China's leading technology company Tencent has just announced a new artificial intelligence model, capable of creating videos simulating movement in three-dimensional space with just a single input image.

Called HunyuanWorld-Voyager, the system generates short clips containing depth information, which can then be reconstructed into a 3D dot matrix – opening up new possibilities for content creators, though it falls short of fully interacting with 3D models.

HunyuanWorld-Voyager is an open-weighted model that generates sequences of 49 frames—about two seconds of video—but users can link clips together to create multiple minutes of continuous footage.

Ars Technica notes that as the viewer changes the virtual camera's perspective, objects maintain their relative positions, and the environment acts as if it were fully three-dimensional. While the final output is still two-dimensional video, Tencent says the accompanying depth data allows for 3D reconstruction without the need for traditional modeling techniques.

Voyager works by combining input images with user-defined camera paths.
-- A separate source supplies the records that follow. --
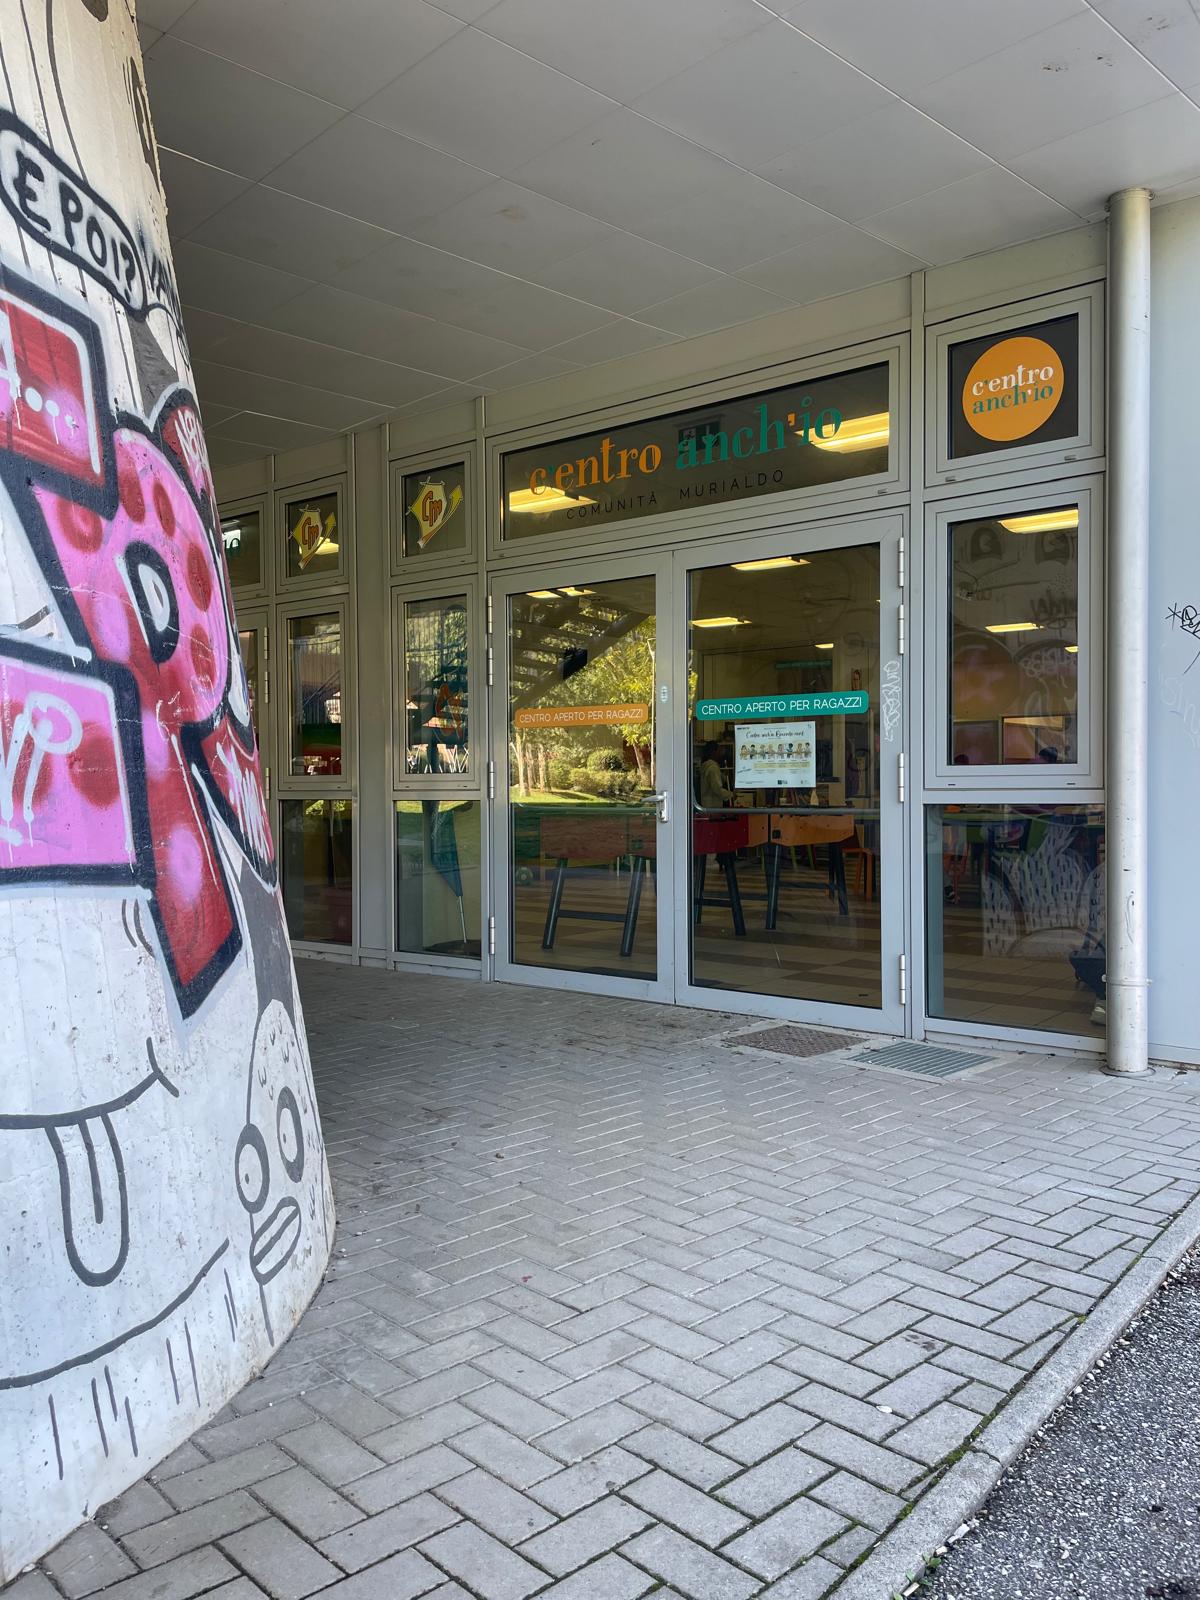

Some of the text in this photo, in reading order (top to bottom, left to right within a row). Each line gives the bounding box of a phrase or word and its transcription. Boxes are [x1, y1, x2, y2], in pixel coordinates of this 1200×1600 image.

[973, 382, 1054, 415] anch'io
[676, 395, 843, 471] anch'io
[566, 469, 784, 520] COMUNITÀ MURIALDO
[519, 708, 643, 724] CENTRO APERTO PER RAGAZZI
[701, 696, 862, 716] CENTRO APERTO PER RAGAZZI
Users specify movements like panning, tilting, or moving through the scene, and the system simultaneously generates color video and a depth map. When an object appears in the video, the output depth data records its relative distance to the correct location.

A secondary component, called world cache in Tencent's technical paper, stores 3D point clouds as the system generates new frames.
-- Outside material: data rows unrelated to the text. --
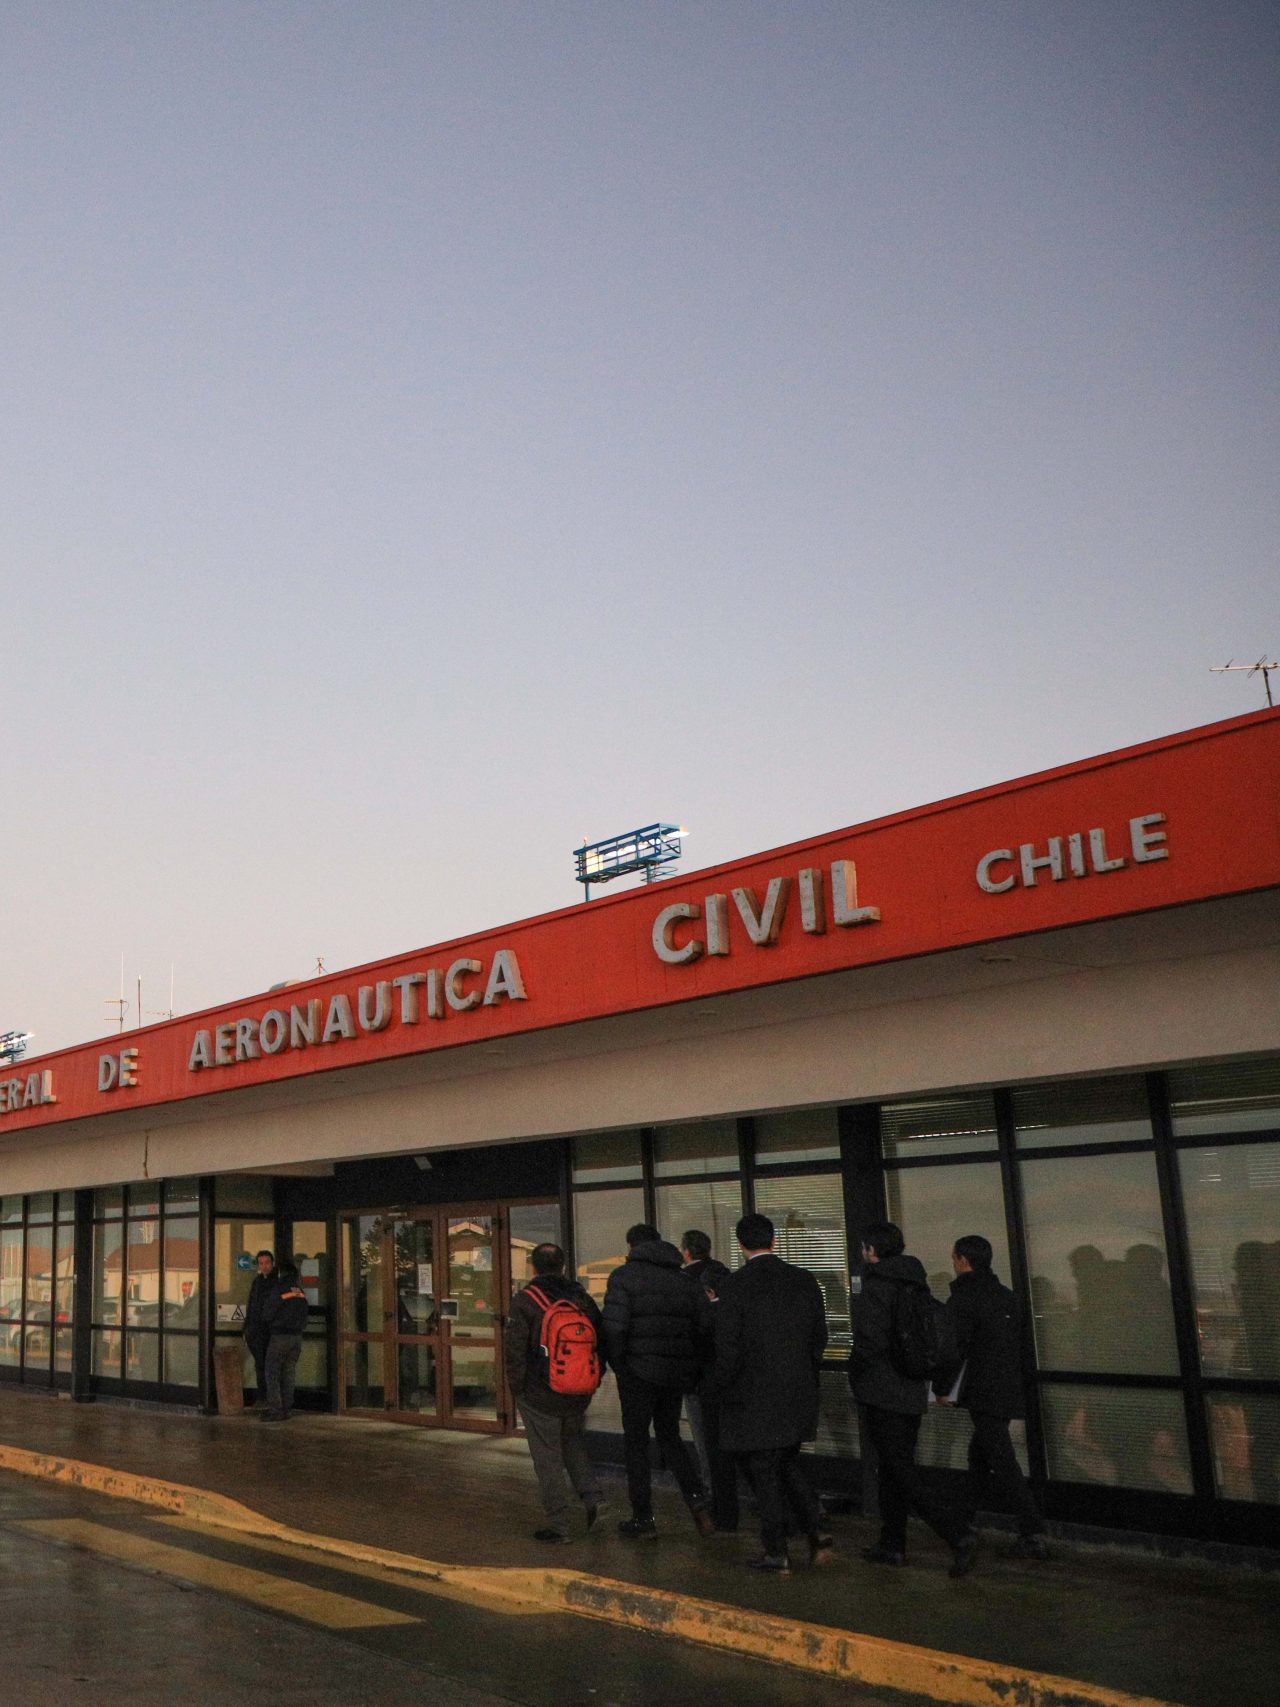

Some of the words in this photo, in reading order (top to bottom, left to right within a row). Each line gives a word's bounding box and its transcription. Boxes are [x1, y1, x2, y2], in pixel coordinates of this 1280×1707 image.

[98, 1048, 139, 1092] DE
[188, 949, 528, 1073] AERONAUTICA
[652, 860, 880, 965] CIVIL
[976, 812, 1169, 894] CHILE
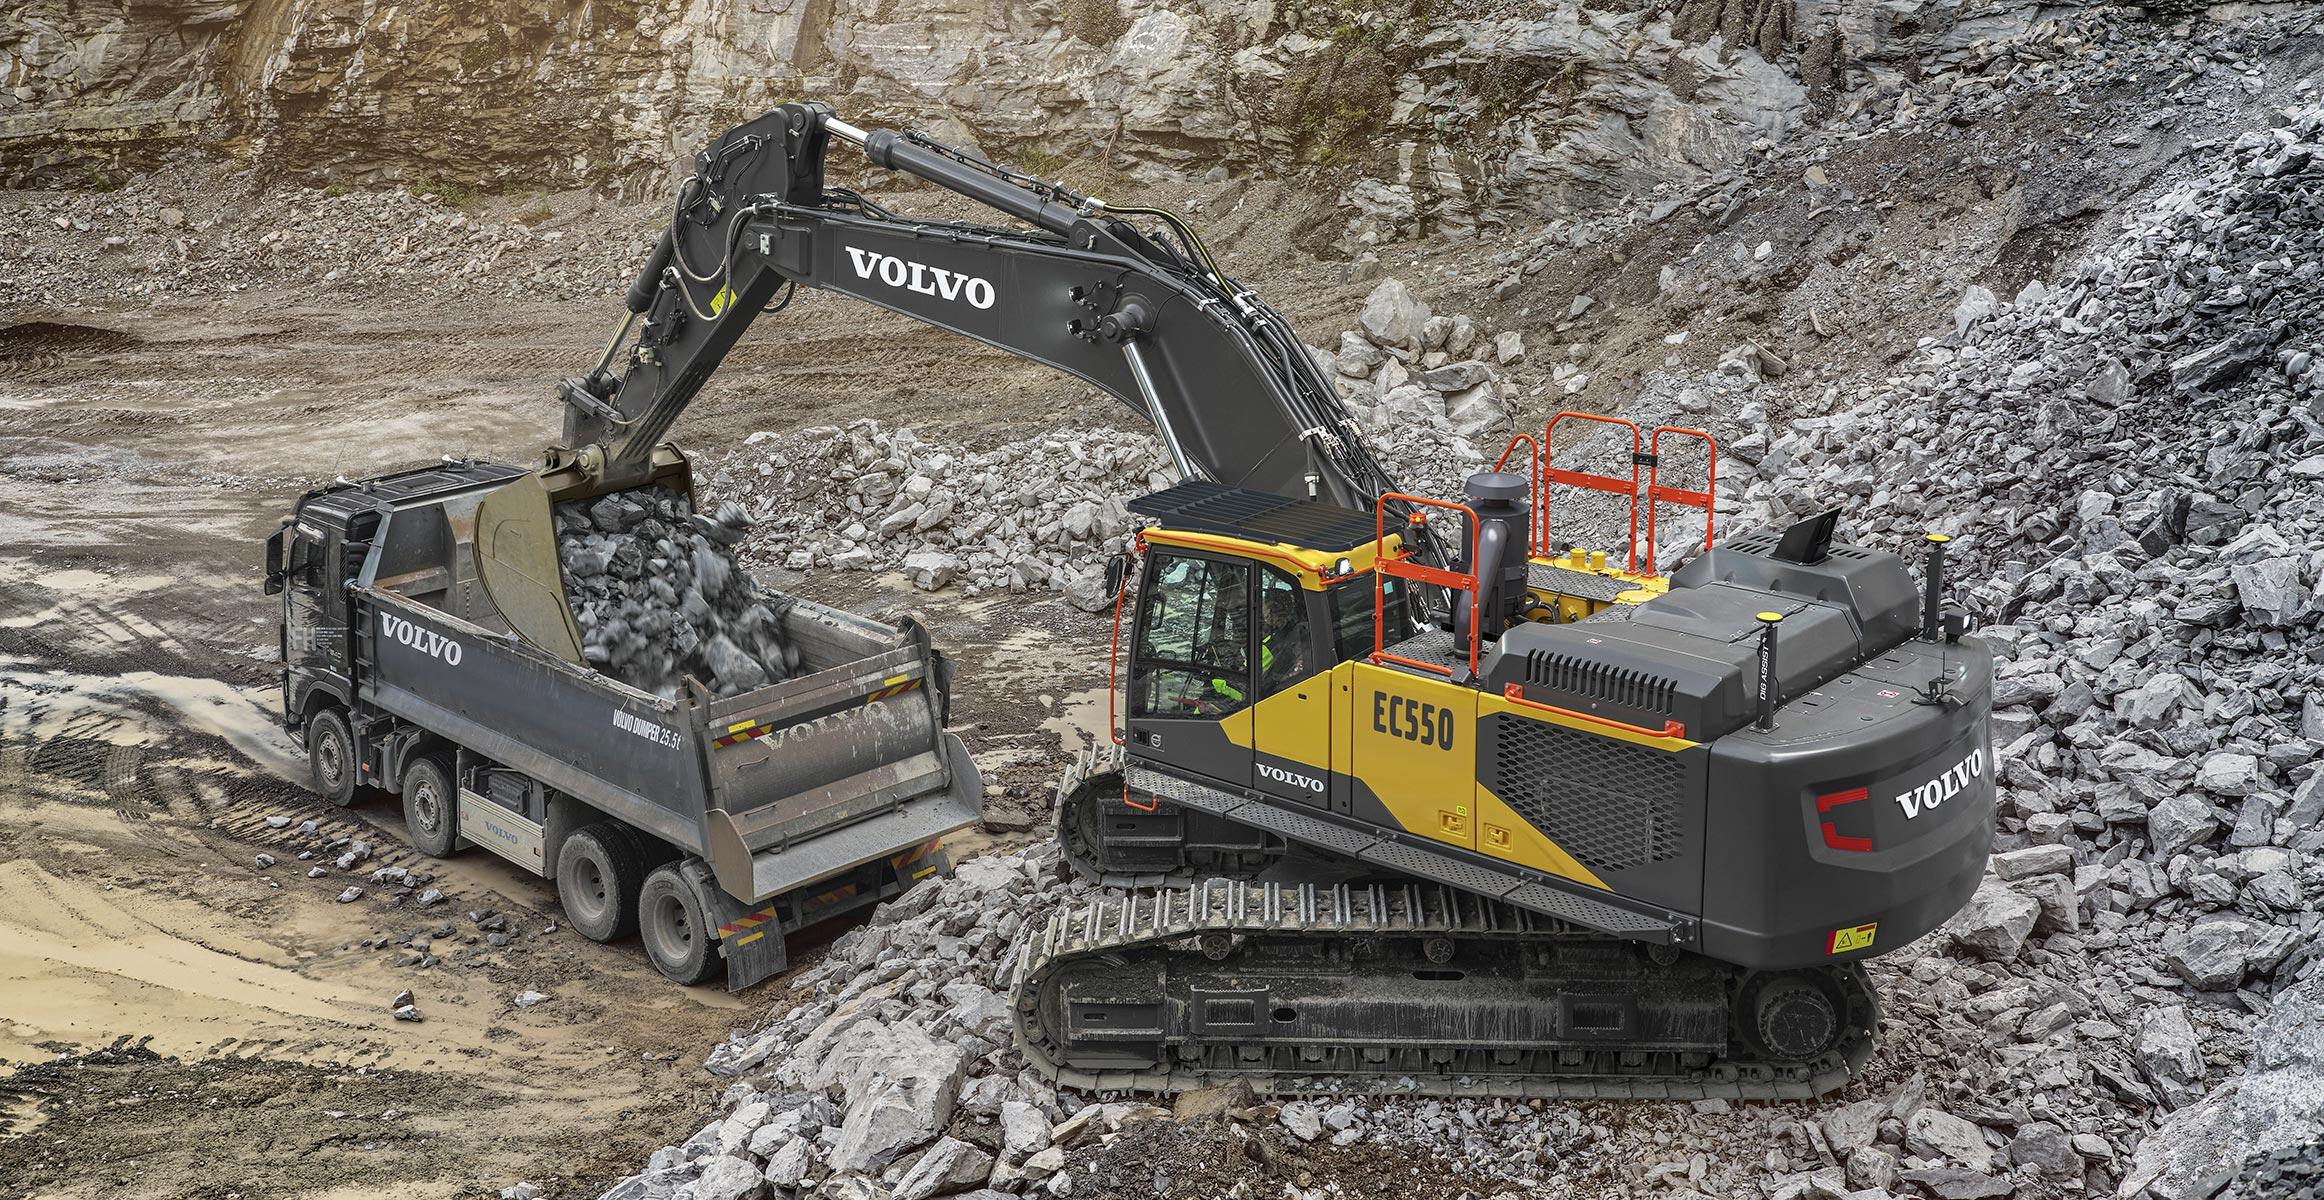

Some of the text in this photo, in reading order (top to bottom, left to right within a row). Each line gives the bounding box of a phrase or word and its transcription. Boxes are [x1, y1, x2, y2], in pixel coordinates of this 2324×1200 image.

[845, 246, 996, 310] VOLVO
[380, 611, 462, 666] VOLVO
[1759, 645, 1769, 701] DIG ASSIST
[613, 708, 634, 732] VOLVO
[632, 717, 661, 743] DUMPER
[1373, 690, 1454, 751] EC550
[1256, 763, 1325, 793] VOLVO
[1895, 748, 1983, 819] VOLVO
[485, 820, 519, 845] VOLVO
With each camera move, Voyager projects these points back into two dimensions and uses them as a reference. This process ensures that subsequent frames match the previously generated content, helping to maintain spatial consistency.

This model protects against distortion after the frames are created by converting them to 3D points, which are then fed back to the system for comparison. This feedback loop ensures geometric stability, even though errors accumulate over time.

This method maintains coherent video for a few minutes but struggles with longer or more complex camera movements, especially 360° rotations.

Tencent trained Voyager on more than 100,000 video clips, including real-life footage and scenes created with Unreal Engine. This large-scale dataset taught the system how cameras typically move in three-dimensional environments. A separate automated process generated training inputs by scanning the video clips to calculate depth for each frame, eliminating the need to manually label the data.

The system requires massive computing power. Running the model at 540p resolution requires at least 60GB of GPU memory, with 80GB recommended for optimal results. Tencent has announced the model weights for Hugging Face and supports both single-GPU and multi-GPU setups. Using the xDiT platform, the company says performance scales horizontally—a system with eight GPUs can process footage about 6.7 times faster than running on a single GPU.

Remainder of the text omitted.